Back in the early days, the idea of women running such places would have been found most unusual anywhere else.
There, diners enjoy a huge range of Beaujolais and Rhônes by the glass, served in rustic, comfortable surroundings, with lively chat, whilst the kitchens turn out endless plates of true ‘paysanne’ classics; salads, charcuterie, confits, Boeuf Bourguignon, Coq Au Vin, Boulangère potatoes, gratin Dauphinois, pike quenelles, profiteroles, snails, cheese, chocolate mousse…
In short, all those things we all really love eating. The Salade Lyonnaise is peasant food perfected – an economically sensible dish that also tastes amazing.
Essentially it comprises bitter salad leaves (and those all-important dandelions) tossed in a sharp vinaigrette with shreds of smoked bacon lardons and a poached egg.

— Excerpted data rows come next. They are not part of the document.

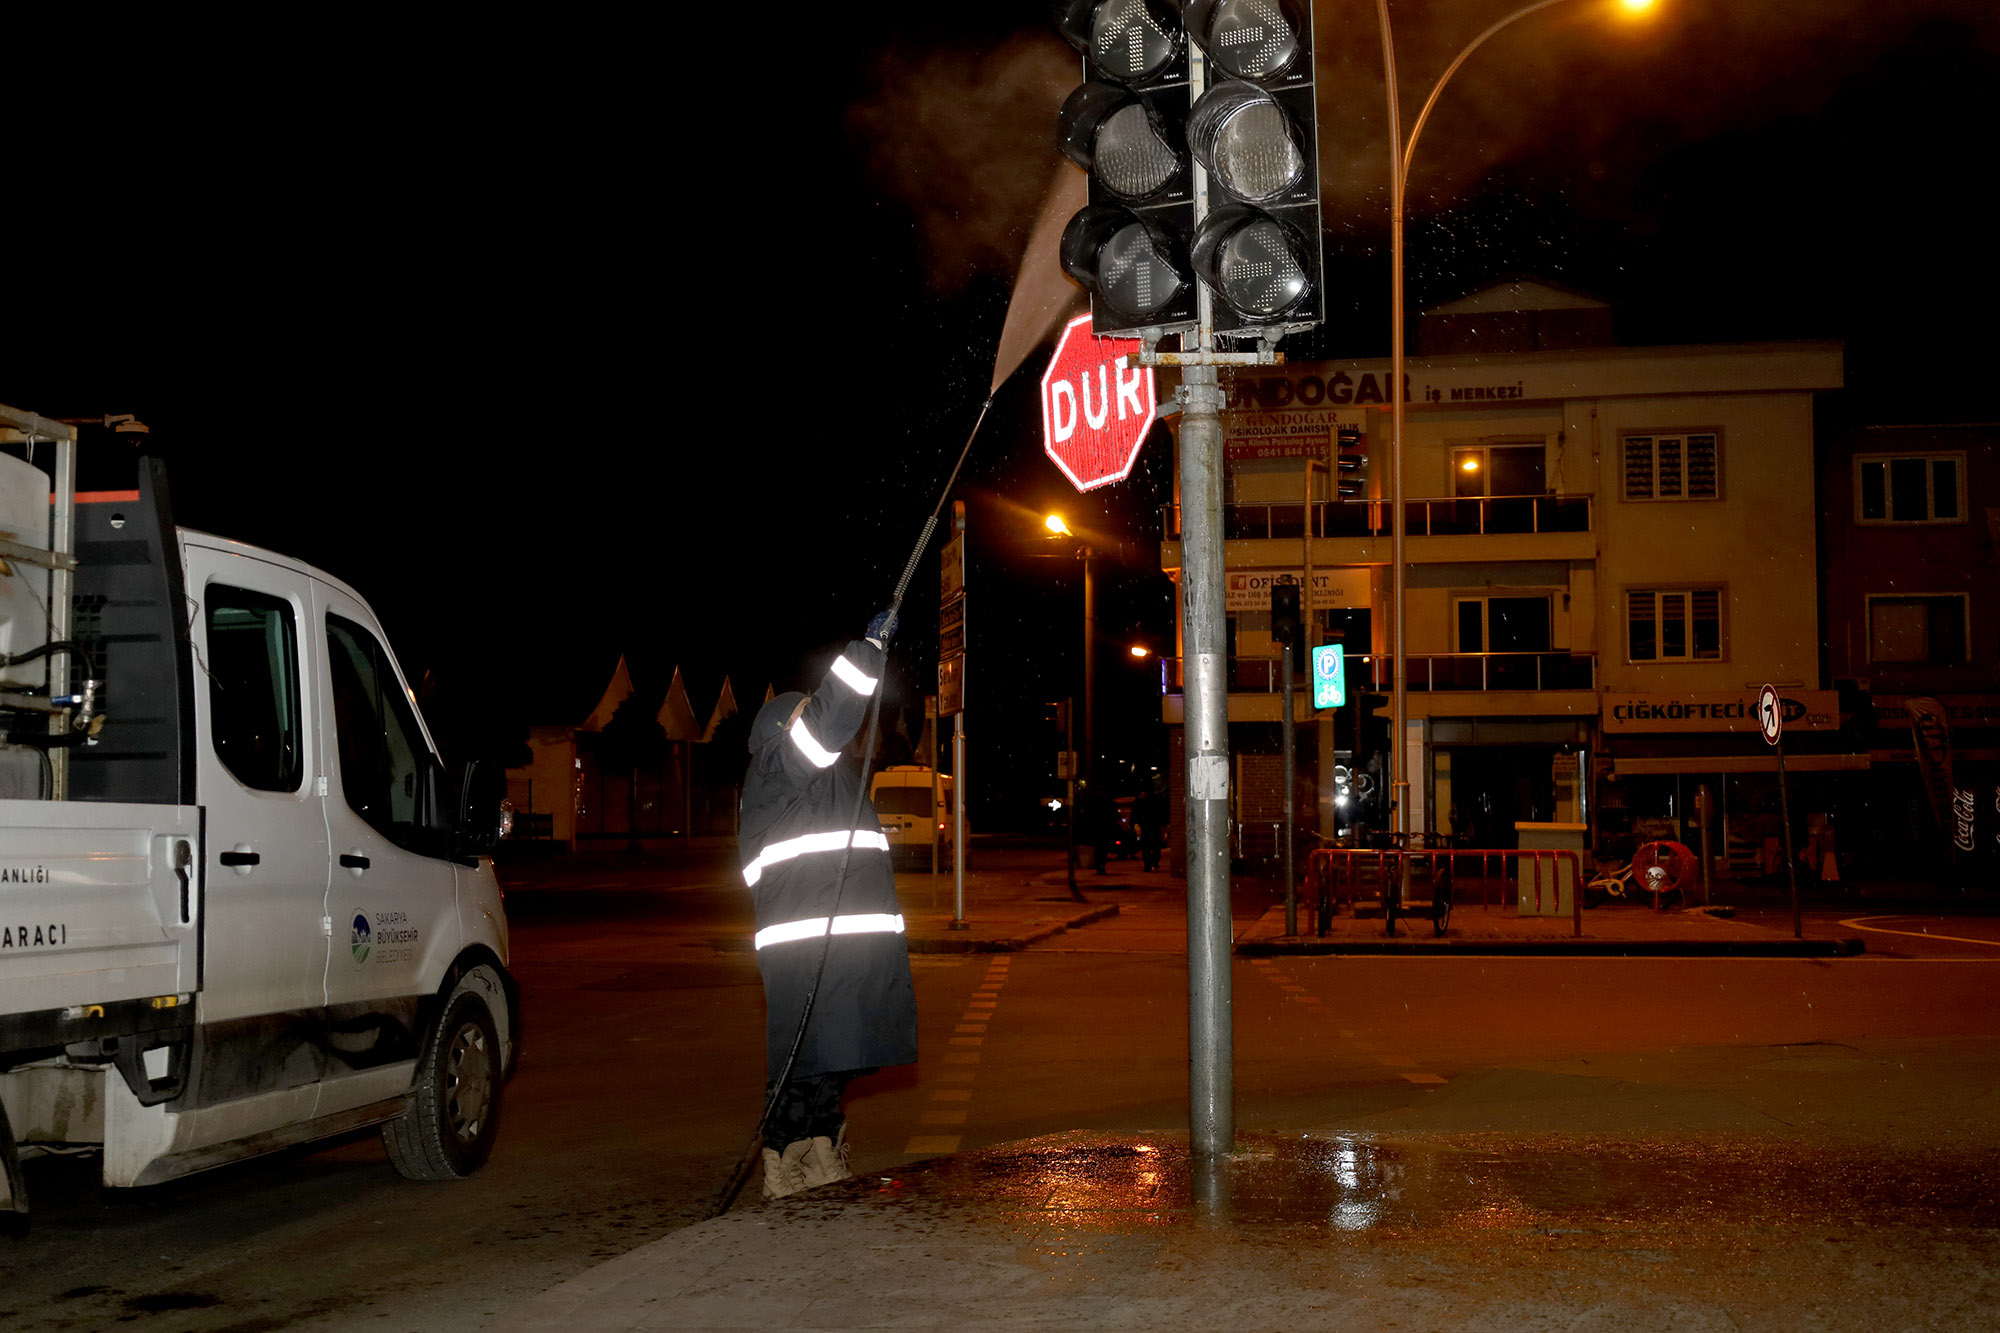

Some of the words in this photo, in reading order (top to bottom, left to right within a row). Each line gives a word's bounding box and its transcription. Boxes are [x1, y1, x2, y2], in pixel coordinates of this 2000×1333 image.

[1051, 355, 1143, 443] DUR
[1450, 380, 1523, 401] MERKEZİ
[1290, 423, 1359, 434] DANIŞMNLIK
[1257, 448, 1281, 457] 0541
[1284, 447, 1303, 456] 844
[1306, 447, 1315, 455] 11
[1272, 437, 1304, 448] Psikolog
[1323, 655, 1334, 674] P
[1614, 698, 1744, 724] ÇİĞKÖFTECİ
[1953, 785, 1976, 852] Coca-Cola
[375, 912, 408, 926] SAKARYA
[2, 924, 66, 948] ARACI
[376, 926, 419, 945] BÜYÜKŞEHİR
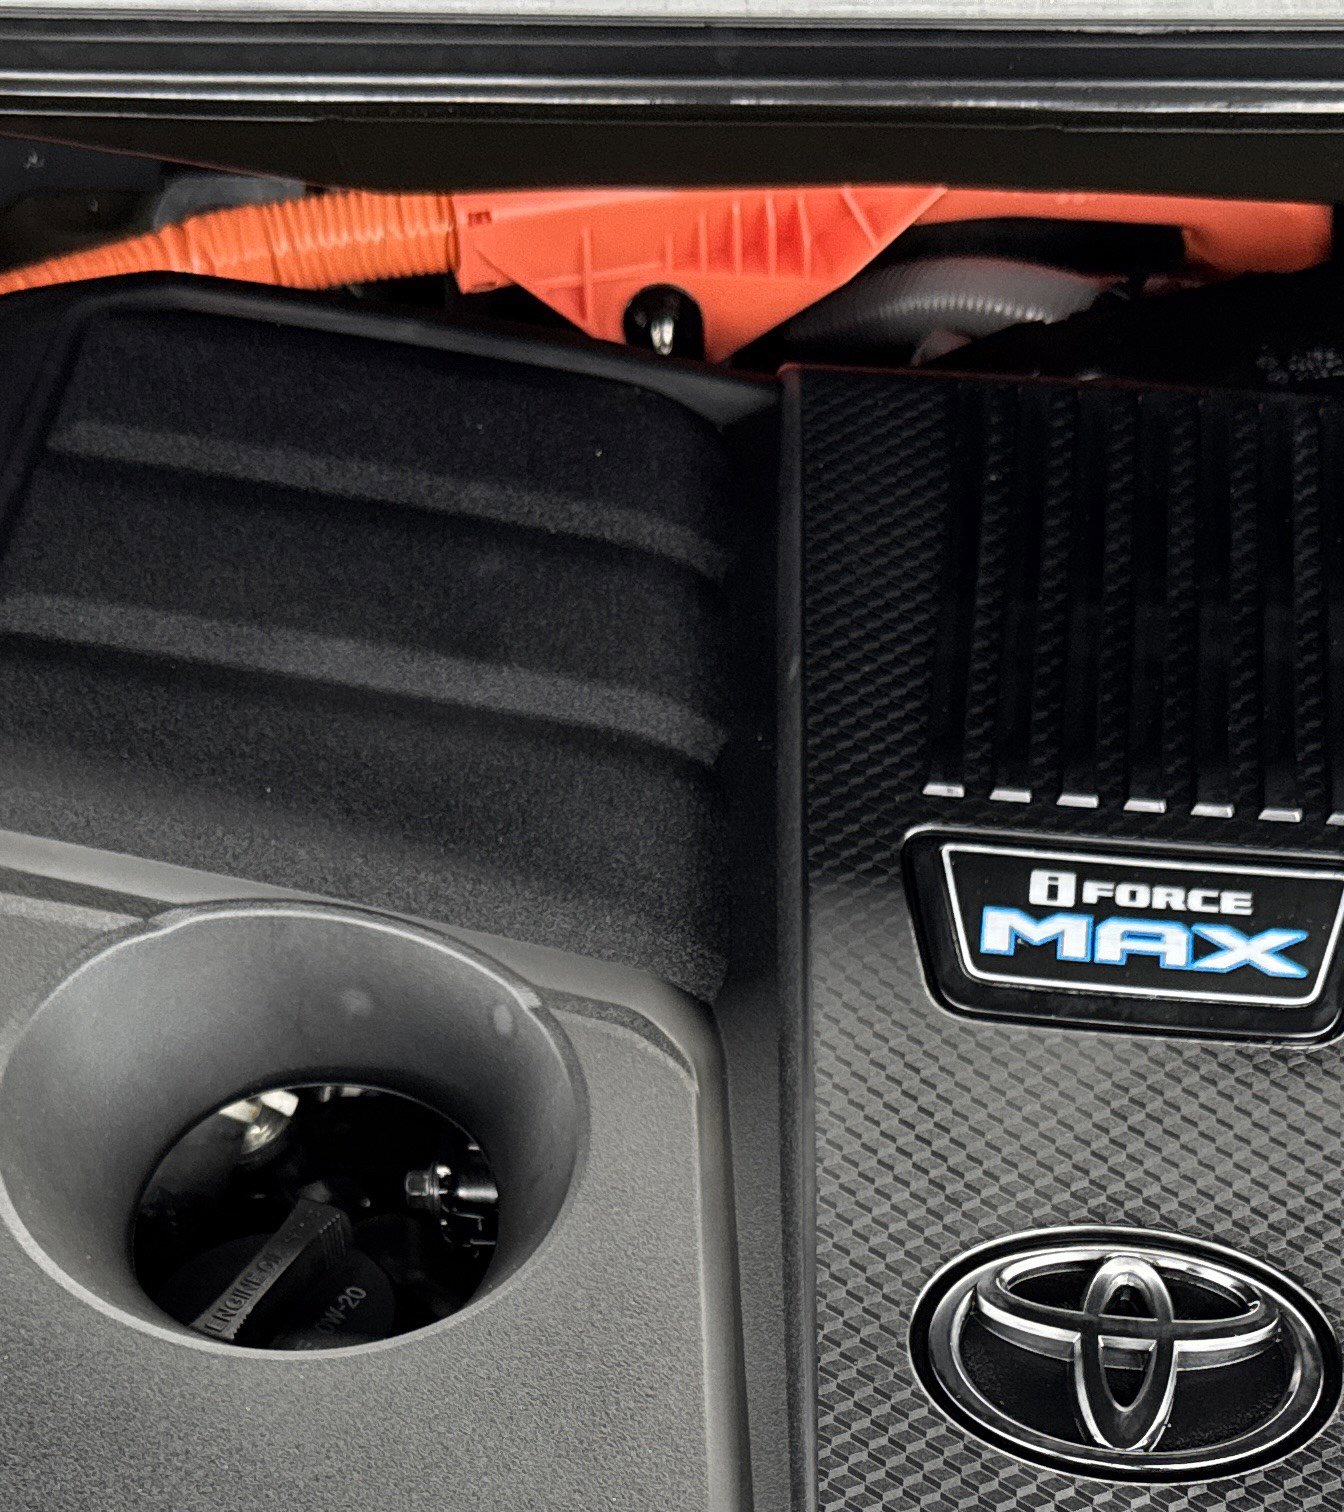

When broken, the yolk combines with the vinaigrette and bacon fat to make one of the simplest yet most exquisite sauces, perfect for pushing those leaves around in.
I’ve tinkered with the recipe a little sacrilegiously, but it’s still in the same spirit.
The egg is deep-fried in crispy crumbs after poaching, and I’ve added a few dark, tasty leaves to alleviate some of the bitterness.
As usual, the fine tuning is up to you. Aprons on!